BACKGROUND: There is a need to identify effective switch therapies for patients with relapsing-remitting multiple sclerosis (RRMS) who experience high disease activity despite receiving disease-modifying therapy (DMT).
RESEARCH DESIGN AND METHODS: Clinical and magnetic resonance imaging outcomes over 24 months were analysed in patients from FREEDOMS and FREEDOMS II who had received treatment in the previous year and had: 1) ≥ 1 relapse in the previous year and either ≥ 1 gadolinium (Gd)-enhancing T1 lesion or ≥ 9 T2 lesions at baseline and/or 2) as many or more relapses in the year before baseline as in the previous year (as per fingolimod’s EU label).

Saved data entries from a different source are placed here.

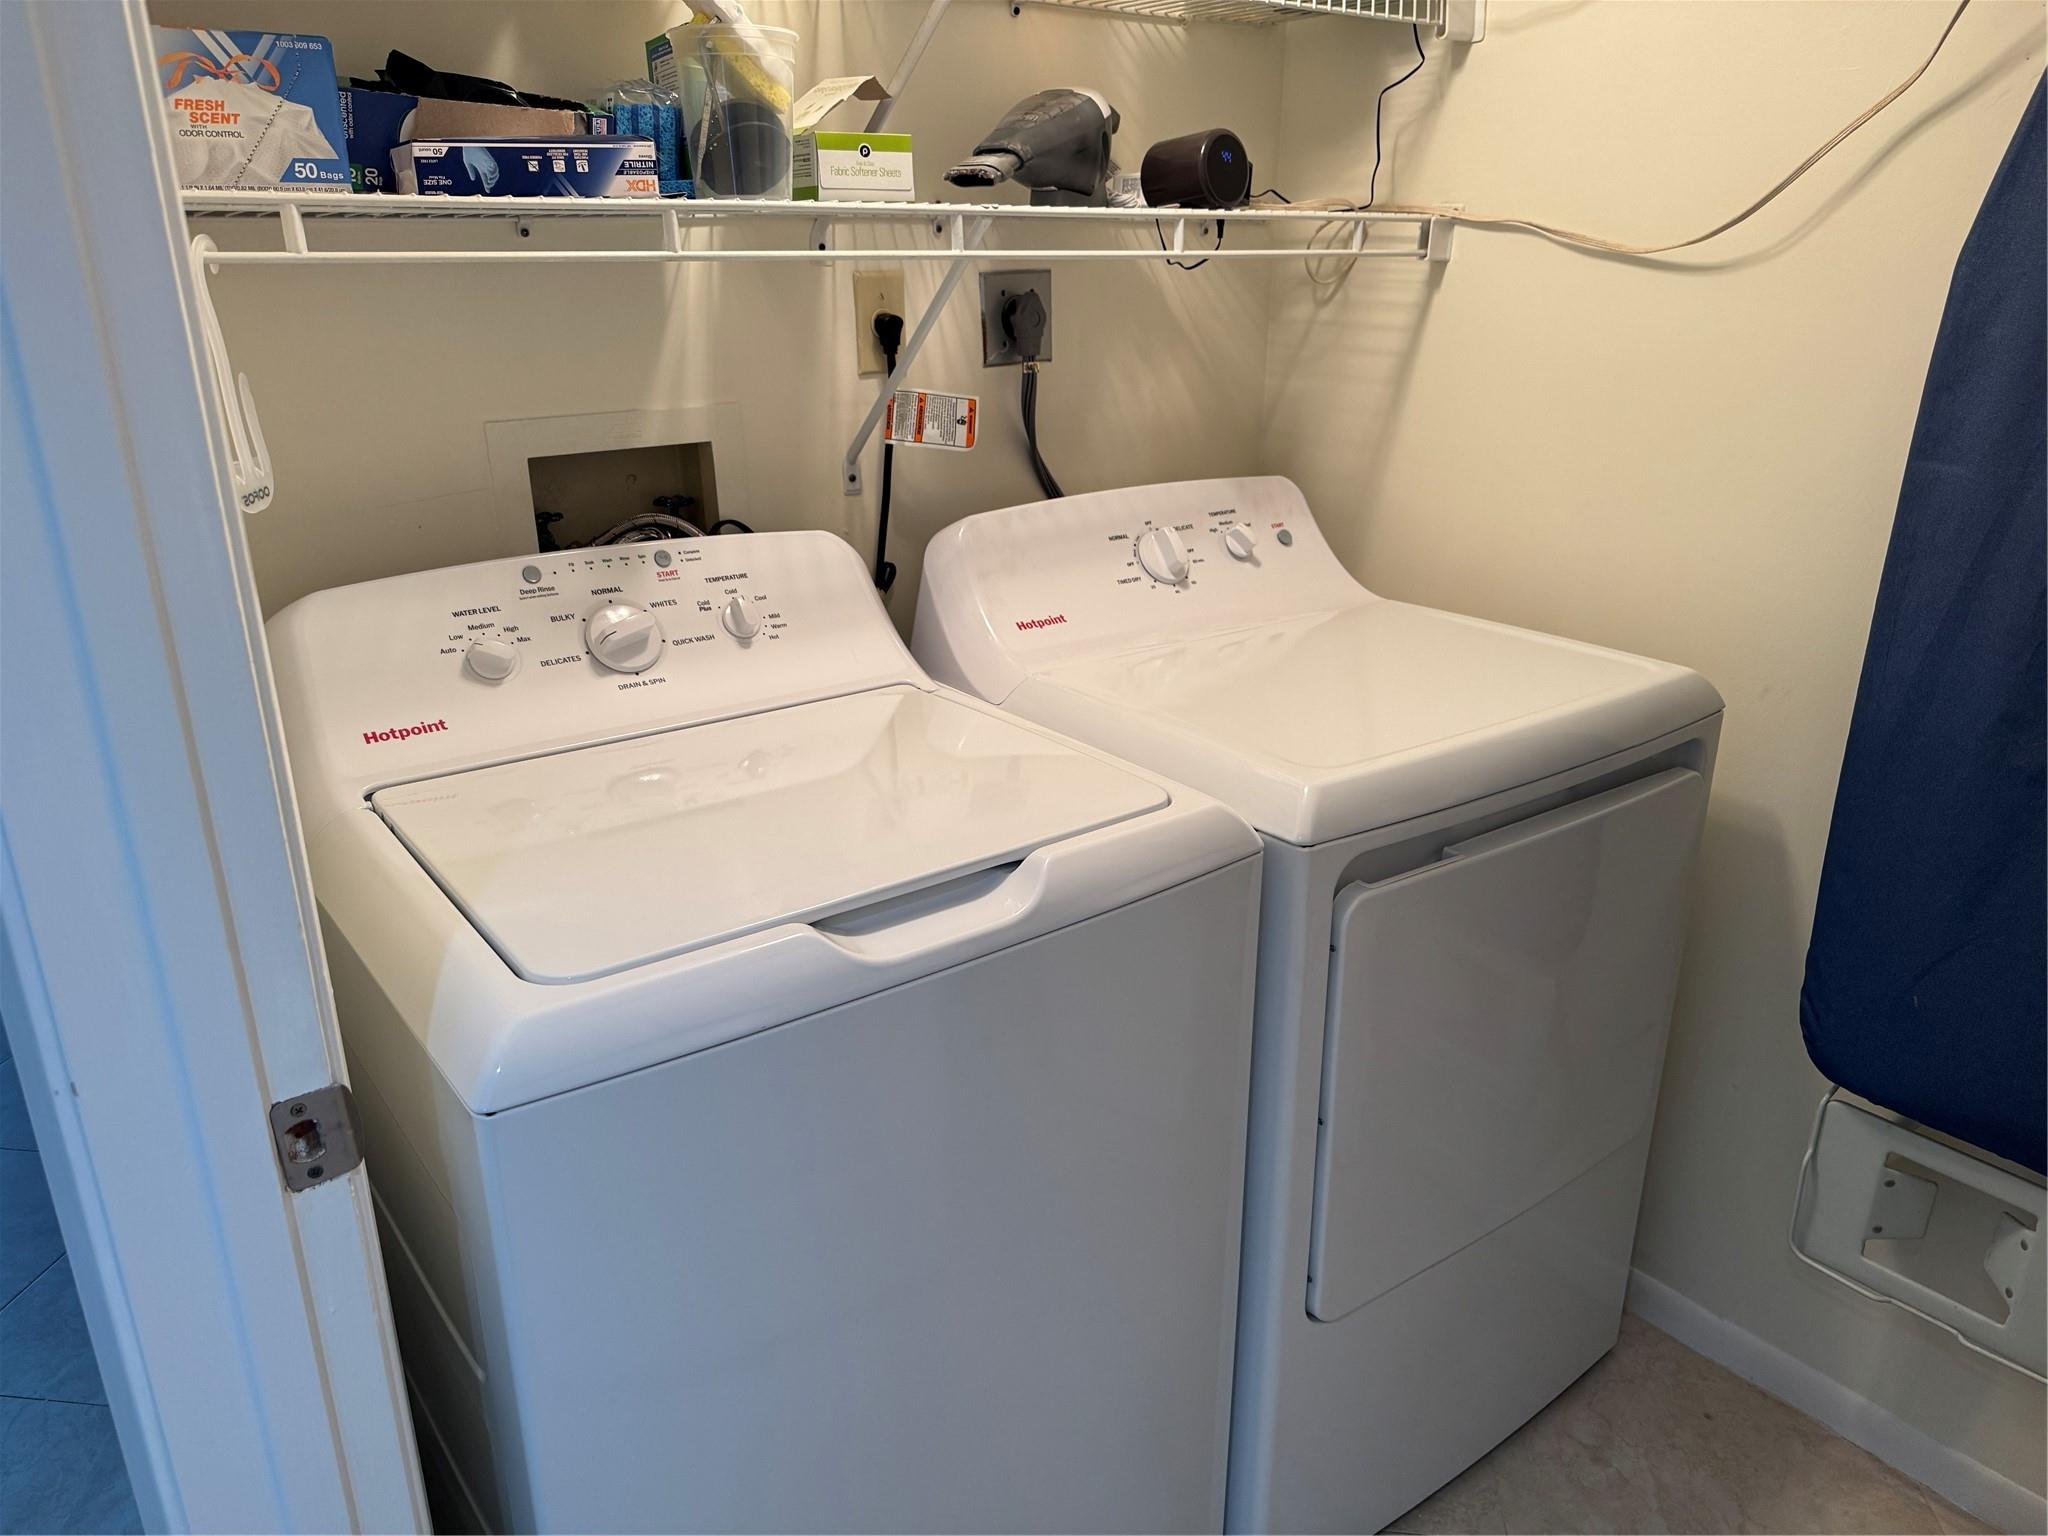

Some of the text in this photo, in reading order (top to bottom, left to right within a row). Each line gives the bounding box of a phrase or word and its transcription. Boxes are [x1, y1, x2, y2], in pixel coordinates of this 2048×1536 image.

[174, 99, 225, 111] FRESH
[189, 112, 240, 125] SCENT
[179, 129, 244, 139] ODOR CONTROL
[294, 162, 317, 179] 50
[320, 171, 344, 180] Bags
[364, 168, 379, 185] 20
[830, 166, 902, 178] Fabric Softener Sheets
[627, 180, 657, 192] HDX
[656, 570, 679, 578] START
[704, 573, 748, 583] TEMPERATURE
[520, 588, 537, 596] Deep
[591, 586, 623, 596] NORMAL
[650, 599, 678, 609] WHITES
[452, 606, 501, 618] WATER LEVEL
[550, 613, 576, 623] BULKY
[468, 622, 495, 631] Medium
[1016, 614, 1067, 631] Hotpoint
[503, 625, 519, 633] High
[672, 634, 715, 647] QUICK WASH
[440, 647, 457, 655] Auto
[540, 655, 581, 668] DELICATES
[618, 681, 641, 691] DRAIN
[649, 677, 666, 686] SPIN
[363, 719, 449, 744] Hotpoint

MAIN OUTCOME MEASURES: The inclusion criteria were fulfilled by 249 and 257 patients in the fingolimod and placebo groups, respectively. Annualized relapse rates were reduced by 48% for fingolimod versus placebo (p < 0.001). Fingolimod reduced the risk of 3-month and 6-month confirmed disability progression by 34% (p = 0.031) and 45% (p = .016), respectively, versus placebo. Brain volume loss was reduced by 46% for fingolimod versus placebo (p < 0.001). The reduction in Gd-enhancing T1 lesion counts for fingolimod versus placebo was 65% (p < 0.001). Furthermore, fingolimod reduced the number of new or newly enlarged T2 lesions by 69% relative to placebo (p < 0.001).
LIMITATION: The analyses are post hoc, but the population is specified by the European Medicines Agency in the label for fingolimod.
CONCLUSIONS: Fingolimod demonstrated efficacy across all four key RRMS disease measures analysed in patients with high disease activity despite previous DMT.